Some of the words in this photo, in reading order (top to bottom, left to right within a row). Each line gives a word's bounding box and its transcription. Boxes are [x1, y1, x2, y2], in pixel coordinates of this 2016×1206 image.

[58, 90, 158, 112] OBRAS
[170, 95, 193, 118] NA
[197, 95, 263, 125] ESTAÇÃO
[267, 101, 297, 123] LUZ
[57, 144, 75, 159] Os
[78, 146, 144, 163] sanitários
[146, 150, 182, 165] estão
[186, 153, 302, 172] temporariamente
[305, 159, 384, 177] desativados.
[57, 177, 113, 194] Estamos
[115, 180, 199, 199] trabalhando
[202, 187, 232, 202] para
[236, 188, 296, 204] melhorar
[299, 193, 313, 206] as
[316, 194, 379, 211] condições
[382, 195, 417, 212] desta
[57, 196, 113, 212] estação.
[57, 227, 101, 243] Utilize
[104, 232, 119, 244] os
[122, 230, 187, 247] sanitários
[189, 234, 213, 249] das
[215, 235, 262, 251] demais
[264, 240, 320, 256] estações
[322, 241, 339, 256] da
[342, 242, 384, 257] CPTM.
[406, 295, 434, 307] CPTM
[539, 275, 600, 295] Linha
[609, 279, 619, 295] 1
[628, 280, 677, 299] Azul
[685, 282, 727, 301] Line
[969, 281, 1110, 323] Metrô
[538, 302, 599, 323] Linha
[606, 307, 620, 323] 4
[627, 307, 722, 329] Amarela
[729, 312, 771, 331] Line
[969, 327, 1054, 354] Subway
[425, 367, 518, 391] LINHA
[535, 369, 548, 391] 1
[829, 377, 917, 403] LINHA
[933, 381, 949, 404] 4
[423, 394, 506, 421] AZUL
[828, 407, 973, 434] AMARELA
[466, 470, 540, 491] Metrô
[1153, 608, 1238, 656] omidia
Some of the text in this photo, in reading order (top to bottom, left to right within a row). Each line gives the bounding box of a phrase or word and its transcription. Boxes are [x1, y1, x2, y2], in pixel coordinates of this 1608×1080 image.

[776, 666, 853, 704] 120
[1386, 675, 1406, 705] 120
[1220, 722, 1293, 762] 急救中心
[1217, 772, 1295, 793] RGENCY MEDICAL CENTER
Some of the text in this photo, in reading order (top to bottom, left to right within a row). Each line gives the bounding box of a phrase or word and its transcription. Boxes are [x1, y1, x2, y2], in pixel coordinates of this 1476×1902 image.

-.-.-

*What is required:* Repeat the whole listing, keeping every word exact.

*Response to the task:*
Some of the words in this photo, in reading order (top to bottom, left to right within a row). Each line gives a word's bounding box and its transcription. Boxes are [x1, y1, x2, y2], in pixel coordinates of this 2016×1206 image.

[58, 90, 158, 112] OBRAS
[170, 95, 193, 118] NA
[197, 95, 263, 125] ESTAÇÃO
[267, 101, 297, 123] LUZ
[57, 144, 75, 159] Os
[78, 146, 144, 163] sanitários
[146, 150, 182, 165] estão
[186, 153, 302, 172] temporariamente
[305, 159, 384, 177] desativados.
[57, 177, 113, 194] Estamos
[115, 180, 199, 199] trabalhando
[202, 187, 232, 202] para
[236, 188, 296, 204] melhorar
[299, 193, 313, 206] as
[316, 194, 379, 211] condições
[382, 195, 417, 212] desta
[57, 196, 113, 212] estação.
[57, 227, 101, 243] Utilize
[104, 232, 119, 244] os
[122, 230, 187, 247] sanitários
[189, 234, 213, 249] das
[215, 235, 262, 251] demais
[264, 240, 320, 256] estações
[322, 241, 339, 256] da
[342, 242, 384, 257] CPTM.
[406, 295, 434, 307] CPTM
[539, 275, 600, 295] Linha
[609, 279, 619, 295] 1
[628, 280, 677, 299] Azul
[685, 282, 727, 301] Line
[969, 281, 1110, 323] Metrô
[538, 302, 599, 323] Linha
[606, 307, 620, 323] 4
[627, 307, 722, 329] Amarela
[729, 312, 771, 331] Line
[969, 327, 1054, 354] Subway
[425, 367, 518, 391] LINHA
[535, 369, 548, 391] 1
[829, 377, 917, 403] LINHA
[933, 381, 949, 404] 4
[423, 394, 506, 421] AZUL
[828, 407, 973, 434] AMARELA
[466, 470, 540, 491] Metrô
[1153, 608, 1238, 656] omidia
Some of the text in this photo, in reading order (top to bottom, left to right within a row). Each line gives the bounding box of a phrase or word and its transcription. Boxes are [x1, y1, x2, y2], in pixel coordinates of this 1608×1080 image.

[776, 666, 853, 704] 120
[1386, 675, 1406, 705] 120
[1220, 722, 1293, 762] 急救中心
[1217, 772, 1295, 793] RGENCY MEDICAL CENTER
Some of the text in this photo, in reading order (top to bottom, left to right within a row). Each line gives the bounding box of a phrase or word and its transcription. Boxes are [x1, y1, x2, y2], in pixel coordinates of this 1476×1902 image.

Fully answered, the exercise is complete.